We are completely and utterly addicted to social media. Hours go by as we scroll aimlessly through our newsfeeds, stalking the Instagram pages of beautiful celebrities we've half heard of and tweeting about our lunches. We are intelligent, sophisticated beings, yet we seem to have whole-heartedly surrendered ourselves to the powers of social media.
Why? Because social media is wonderfully clever. Whilst existing on an enormous scale, it appeals to our overwhelming fear of insignificance, allowing us to create a platform with ourselves at its centre. It performs the seemingly impossible: providing a precious individuality amongst a network of millions, with the added benefit of the opportunity to connect with the masses.
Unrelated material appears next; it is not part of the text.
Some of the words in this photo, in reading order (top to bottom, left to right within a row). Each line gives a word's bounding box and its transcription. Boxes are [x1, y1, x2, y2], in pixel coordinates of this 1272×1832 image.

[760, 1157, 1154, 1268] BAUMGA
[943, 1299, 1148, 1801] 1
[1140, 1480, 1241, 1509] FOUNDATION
It allows us to present ourselves as our ideal: the person we would like everyone else to see. Out of the acquaintances we meet every day, we construct hundreds and hundreds of 'friends', providing a sense of popularity and notoriety not afforded to us in real life. Sites such as Twitter provide us with a voice to millions, enriched by the protection of a computer screen and consequently the lack of awkward silences, Freudian slips and the general awkwardness that comes with social interaction (or maybe that's just me).
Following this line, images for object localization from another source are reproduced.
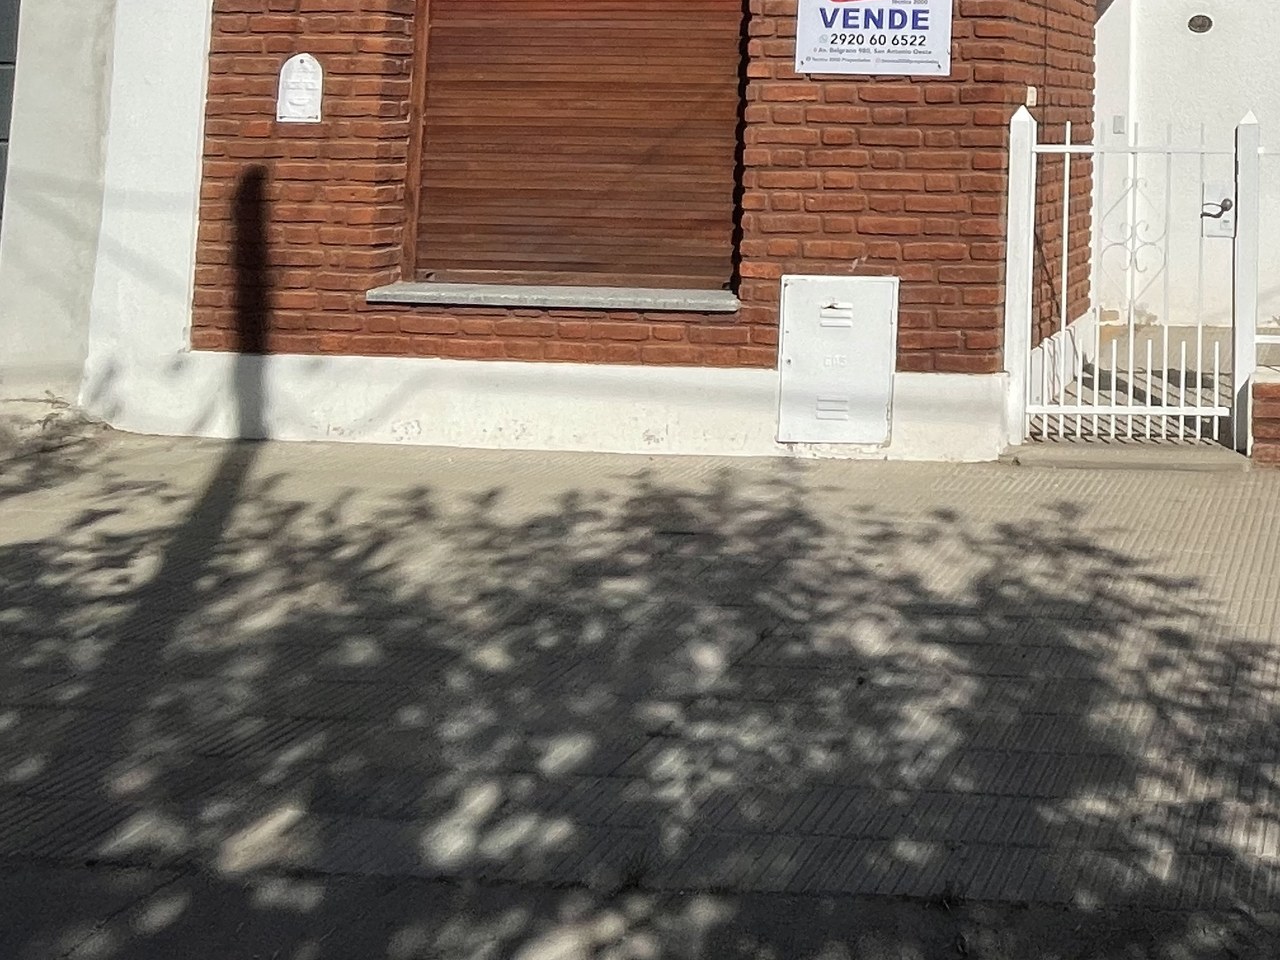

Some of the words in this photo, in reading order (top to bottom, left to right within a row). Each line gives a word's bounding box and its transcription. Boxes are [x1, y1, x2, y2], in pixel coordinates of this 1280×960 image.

[819, 7, 930, 30] VENDE
[830, 33, 865, 46] 2920
[869, 34, 887, 46] 60
[891, 34, 926, 47] 6522
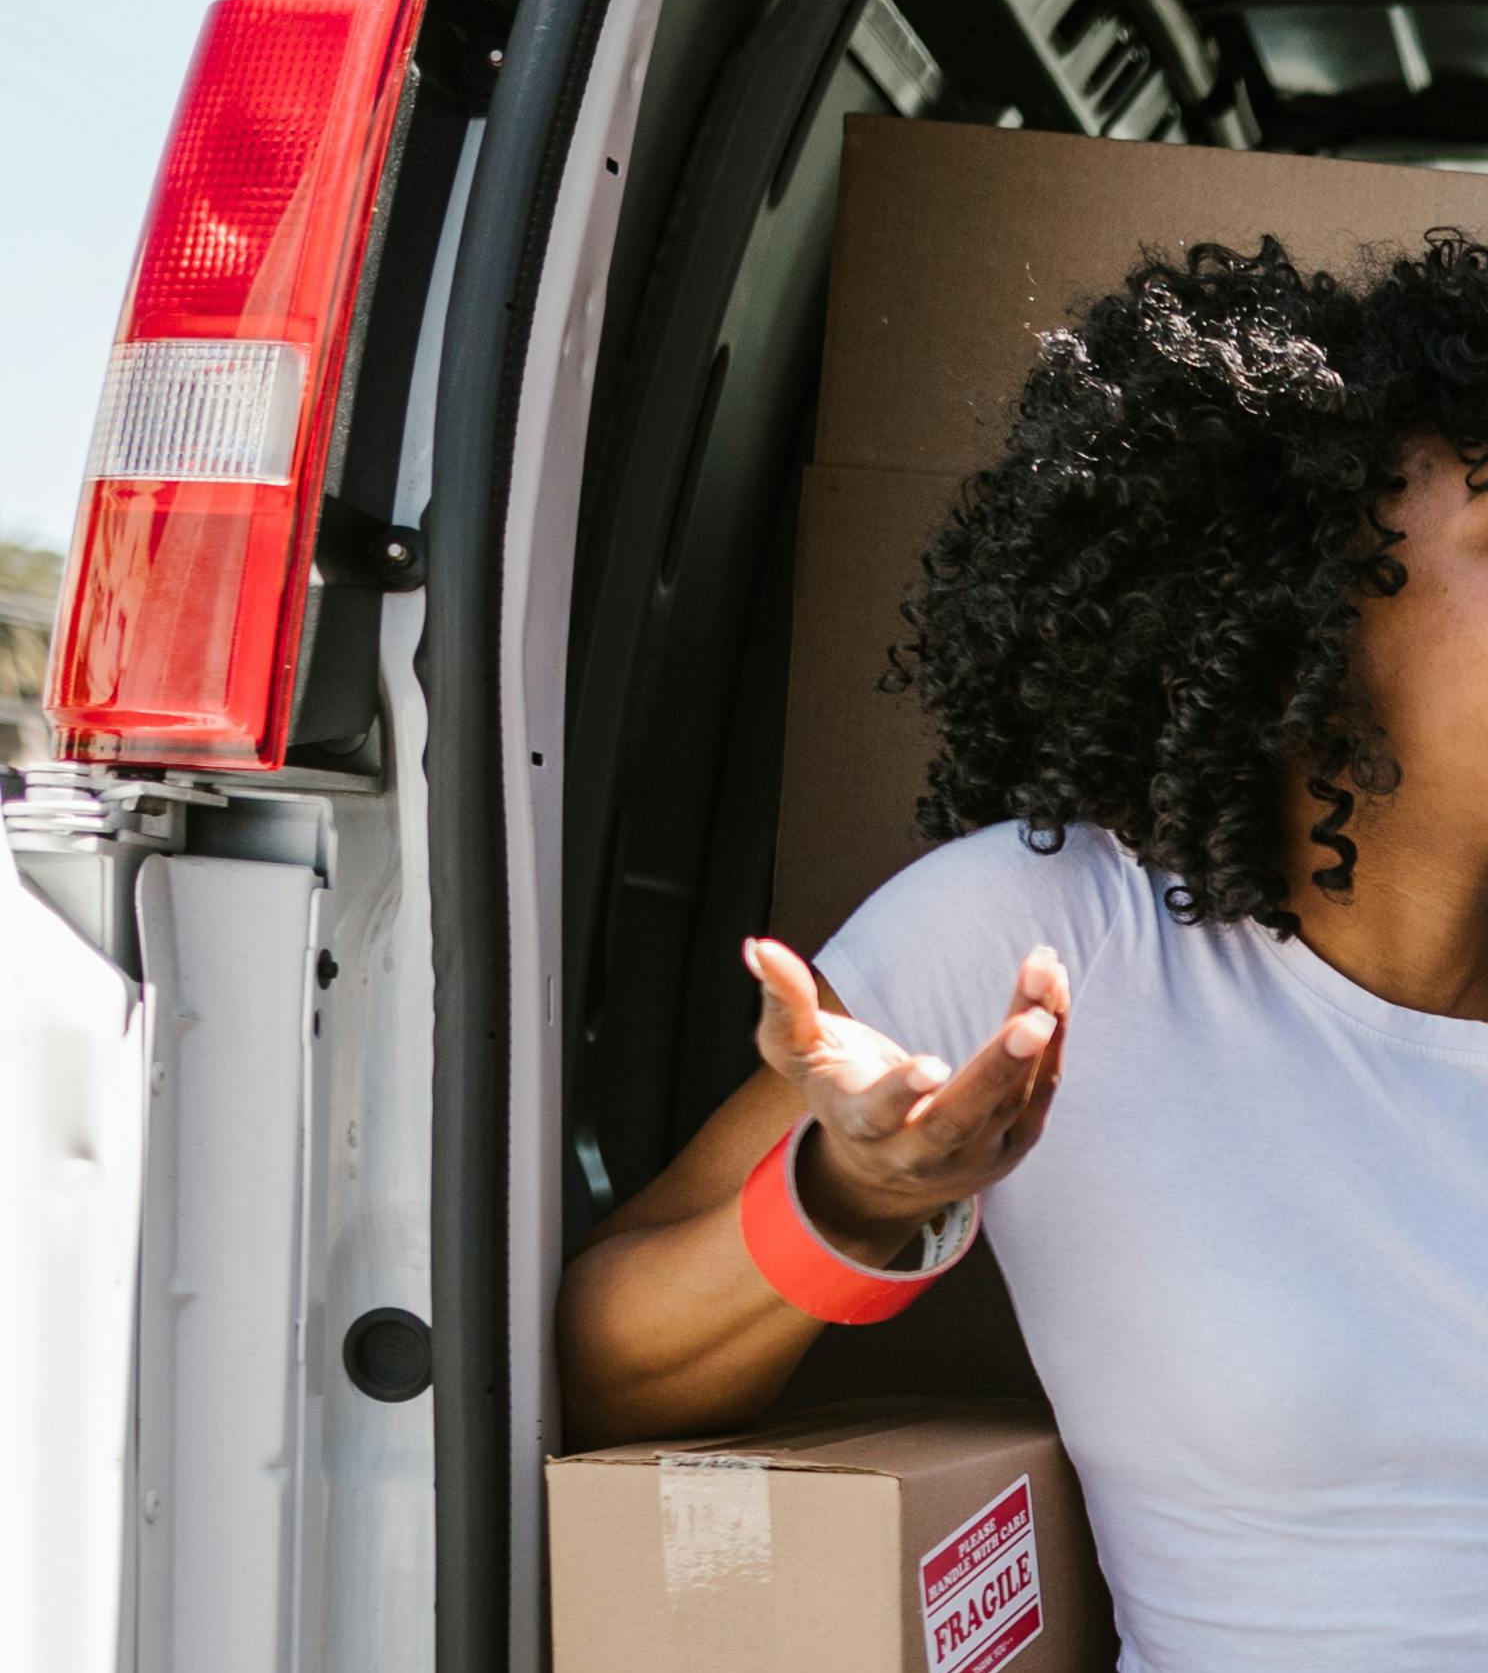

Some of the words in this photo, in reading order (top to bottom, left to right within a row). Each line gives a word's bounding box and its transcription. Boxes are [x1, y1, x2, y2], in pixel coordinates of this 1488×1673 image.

If we don't like what we see in the mirror (and increasingly, we don't) we can alter the lighting to conceal our pale skin, choose a flattering angle to hide our multiple chins and retouch our blemishes, until we no longer recognise the smiling, airbrushed faces staring back at us. Social media allows us to literally present our lives through a filter. But ultimately, can such a world be sustainable? If we are hiding behind a virtual persona whom we class better than ourselves, reality can only ever disappoint.
To this end, do the opportunities provided by social media, the Internet and related technology liberate us, or do they constrict our freedom? Moreover, in the virtual world we live in, are we really living at all?
On the surface, of course we are. If anything, social media and the wonders of the Internet have enhanced our lives, allowing us to keep in contact with those living on the other side of the world at the press of a button, instantaneously share ideas and information across continents and so much more. In moderation, social media is a powerful tool for communication, but also for inspiration, education and change.
But here lies the heart of the problem: there is no such thing as moderation, or if there is, it exists on a line we crossed long ago. Social media has transformed from a tool used to enhance and accompany our lives, to taking a key place at its forefront. Whilst the virtual ought to accompany and aid the real, the reverse is rapidly becoming a reality. Instead of a photo documenting an experience, experiences are created for the sake of Instagram or Facebook uploads. If there aren't pictures, it clearly didn't happen.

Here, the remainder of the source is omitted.